"So if the sherry glass is full
But the day is way too young
You'd better sip today, sip today, sip today
Before it's gone."
- Live
So, Sir Bob Geldof, presumably running short of things to do, decided that London at the end of the year was a slightly too drab place for his taste and he got the idea of colourfully gift-wrapping a number of London's greatest buildings. And how could that be wrong? They came online on successive weekends leading up to Christmas: The Tate Britain, the Queen's House in Greenwich, the National Theatre. The themes were picked by celebrities, or by popular vote. I went out on one of the first weekends, it was deathly cold, I was alone, I was waiting for the sun to go down. So that I could see. I went to Hyde Park Corner, where broods Wellington Arch.

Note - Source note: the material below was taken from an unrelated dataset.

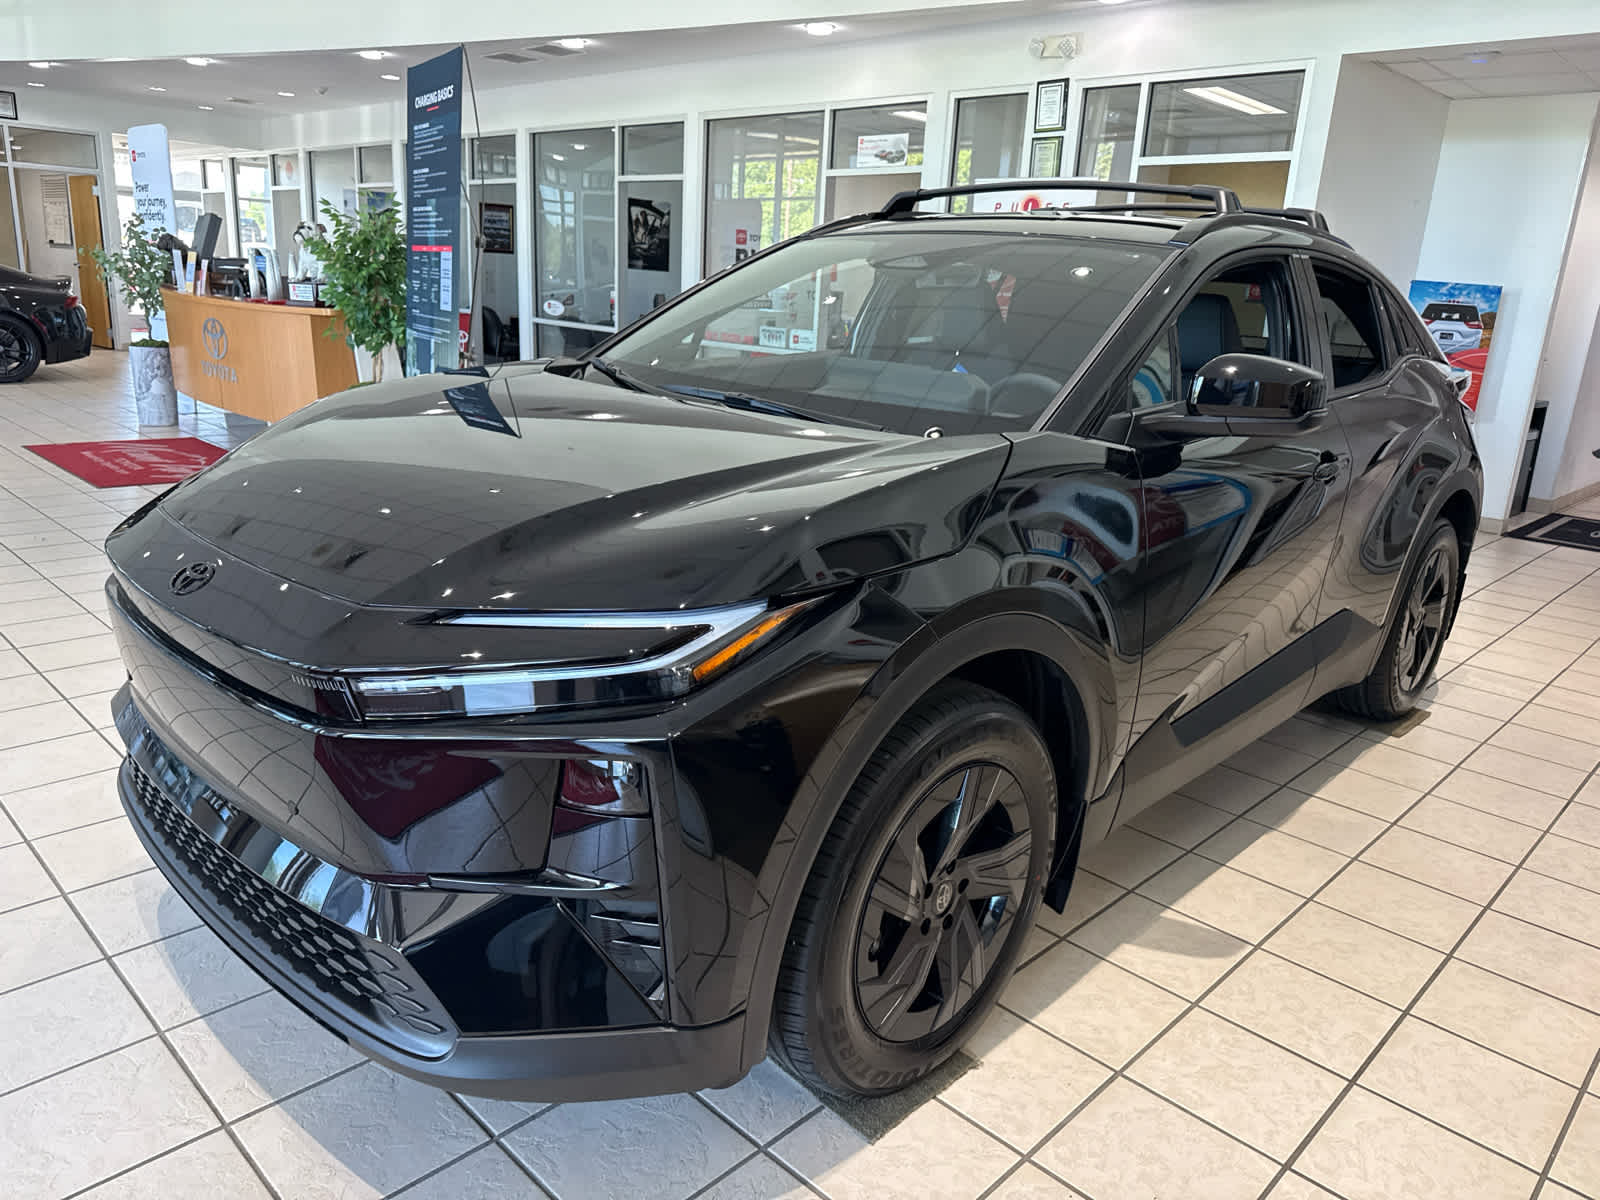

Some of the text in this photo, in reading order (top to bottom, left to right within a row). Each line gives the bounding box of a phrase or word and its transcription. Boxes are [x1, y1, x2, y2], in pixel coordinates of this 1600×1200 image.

- Wellington Arch, in the last of God's light
While I waited and shivered, I couldn't help but notice that I was surrounded by a series of war memorials. Behind me was the Australian war memorial. It's probably passed a lot of people's notice, but Australians have fought and died in pretty much all the major wars of the last century. Tucked away down there at the "arse end" of the globe, they probably could have stayed out of all kinds of trouble. But instead they did their bit. Always have done. One of the inscriptions I read here intoned that this memorial:
"honors the commitment of Australians who served alongside Britain and her Allies in defence of freedom in the first and second world wars: Whatever burden you are to carry, we will also shoulder that burden."
Feeling someone looking over my shoulder, I spun awkwardly and found this altogether imposing guy behind me. Yes, those are artillery shells on his legs (four of them). I realised he's part of a memorial to the artillerymen who died in the two world wars. I'm dumbfounded when the first plaque informs me that 49,076 artillerymen alone died in the Great War. And another 29,924 in WWII. (Weren't those guys behind the lines?)
You may have noticed, as I did, that the base of the memorial was strewn with wreaths of poppies.
Remembrance Day
So, for several weeks late in the year, everytime I tried to enter or exit a Tube station, someone tried to sell me a poppy for my lapel. It seemed everyone else in London had already bought theirs, sporting them on coats and blouses and hats. I kept dodging poppy sellers on platforms thinking they were for some awareness month or other. Prostrate cancer, perhaps. (Though I shouldn't joke about even that.) There were even posters put up here and there by the "Poppy Appeal". But neither they, nor anything else, explained to me what the poppies were for. As a silly immigrant, I needed explaining. It took another American (Josh, down from Edinburgh) to set me straight.
It turns out the poppies are a symbol of national respect in the run-up to . . . Remembrance Day. On (or around) that day, the whole nation takes a moment of silence to remember and give thanks to the millions who went off and fought and died so that they could all now live in spectacular freedom, security, and prosperity. Here's a whole nation giving thanks to the soldiers who gifted them with that nation, every year, for like two weeks of the year. And I felt so awed, and ashamed of my previous lack of understanding, and just thought it was so completely lovely. And such a statement on the British national character. (I don't intend to demean our U.S. Memorial Day, but it does really just involve a lot more taking a day off from work and grilling than it does solemn remembrance and gratitude.)
It was further explained to me (by Jacqui, this time, I think), that the symbol of the poppy comes from WWI. When the guns fell silent, and they went out between the lines to gather the dead, they found that the fields were spectacularly abloom with poppies so well fertilised was the ground. And, suddenly, after 15 years, I understood the Sting lyric:
"Poppies for young menAnyway, after my survey of the momuments I turned again to find that Wellington Arch had been well brightened up (in a series of images that rotated every ten minutes or so): Jacqui and Jonathan and I later went out, on Christmas Eve, to see the National Gallery and Buckingham Palace brightened up:
Death's bitter trade"
- National Gallery
- "To Michael, From the Queen"
- falling snow
- Rule, Britannia
- Rule, Britannia . . . in the snow
- Perhaps the Palace would be better rendered by an eight-year-old
- A more creative eight-year-old!
I decided, by the way, to spend the holidays here, mainly because I didn't like to think of turning around and re-crossing the Atlantic so soon. It would have felt like day-camp, rather than real, overnight camp. It would be my first Christmas away from my family in about ten years and, I think, my first really alone. I figured, hey, one year, how big a deal can it be? I sent gifts, and I called everyone on Christmas day, and I received gifts (in that order! ;^), and my few-in-number-but-huge-in-heart friends here were great. But it was a little lonely, and a little hard. It's a little bigger deal than I thought. And it led to my first period of being really down since I've been here. Of course, you can't be exuberant all the time so much less so if you're me, I'm afraid. But, as always, and as someone or other is fond of saying, life could certainly be a hell of a lot worse. But it still seems quite sad. Enduringly so.